Tailored Brands Inc. shares plunged as much as 13 percent after Citron Research founder Andrew Left said he’s betting against the struggling owner of Men’s Wearhouse and Jos. A. Bank.

Left said in a phone interview that he’s been shorting the company for “a while” and may release a report on the retailer next week. He pointed to a comment Tailored Brands made in its latest annual report about its risks: “Despite our high indebtedness level, we will still be able to incur significant additional amounts of debt,” the company said.

The move brings fresh woes to a retail stock after a harrowing stretch for the industry. Department stores Macy’s Inc. and Nordstrom Inc. plunged this week after reporting disappointing earnings and bleak forecasts for the year.

Shares of Houston-based Tailored Brands fell as low as $12.34, capping their worst week of the year. More than 4 million shares traded, triple the daily average for the past year.

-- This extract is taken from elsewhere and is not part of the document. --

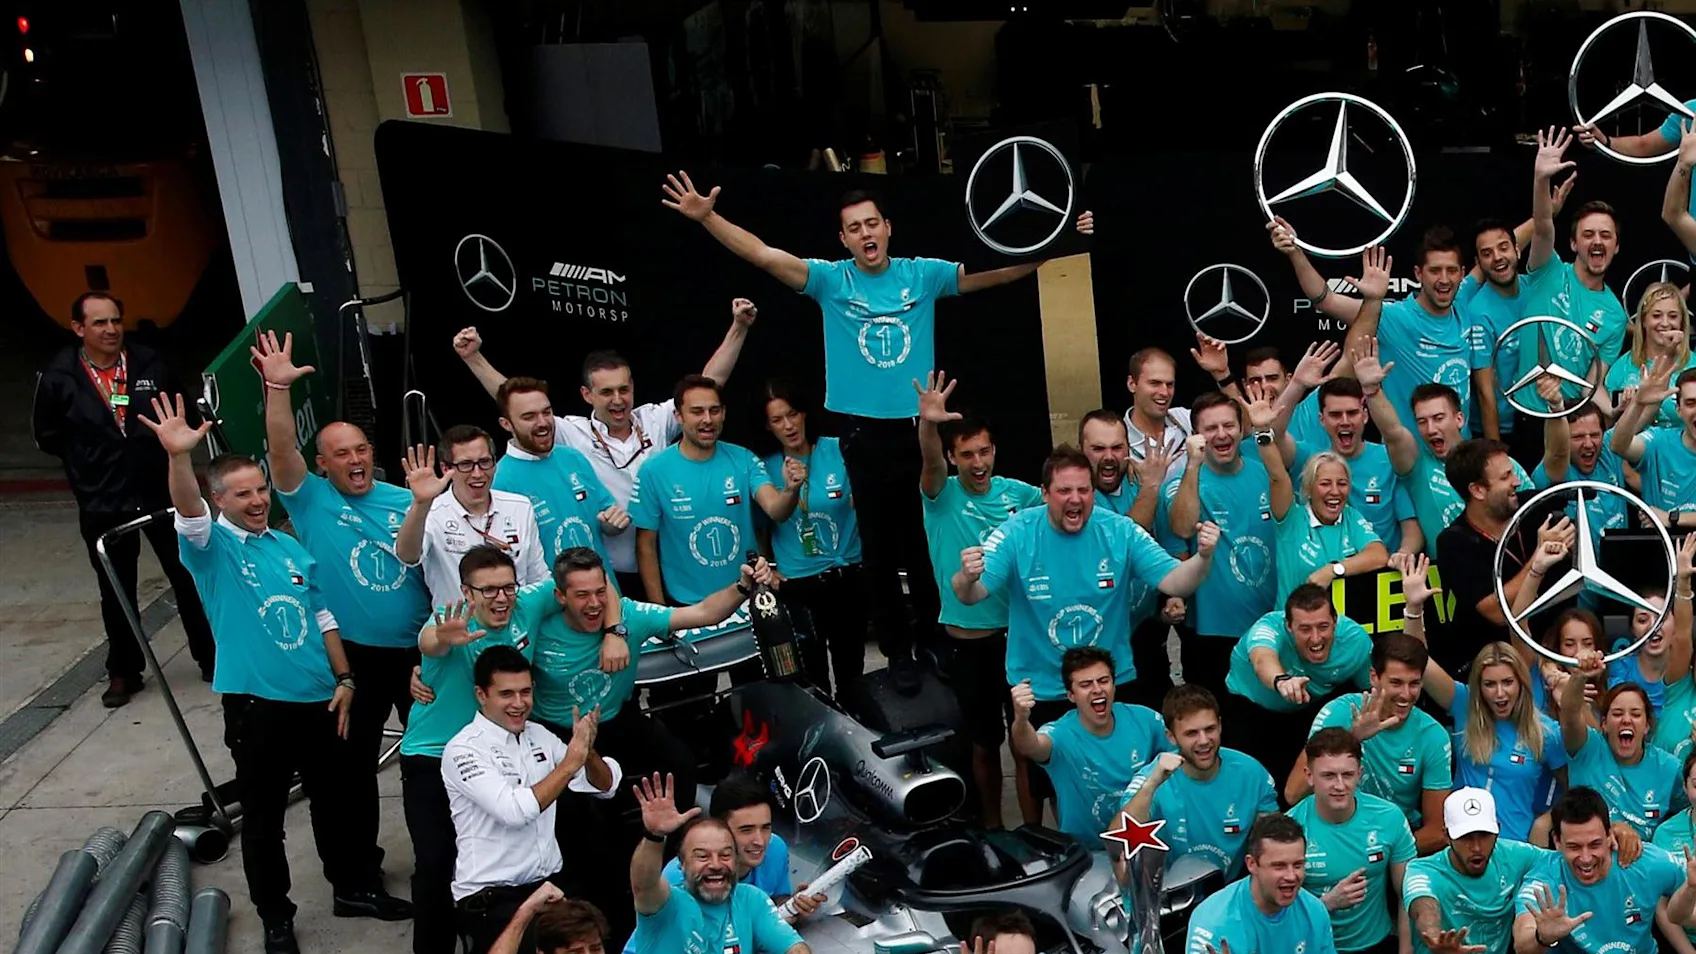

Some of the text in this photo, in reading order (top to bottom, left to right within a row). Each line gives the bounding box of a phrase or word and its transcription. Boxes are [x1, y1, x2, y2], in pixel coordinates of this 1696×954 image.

Tailored Brands, formed after the merger of Men’s Wearhouse and Jos. A. Bank, has struggled to align the two divisions. Last year, management abandoned Jos. A. Bank’s “buy one suit, get three free”-style promotions, irking longtime shoppers. That sent the chain into free fall. Jos. A Bank’s same-store sales plunged 32 percent in the most recently reported quarter, compared with a 4.3 percent gain for Men’s Wearhouse.

Tailored Brands, which specializes in men’s suits, has an enterprise value of $2.26 billion, of which $1.65 billion is debt.

The company didn’t immediately respond to a request for comment.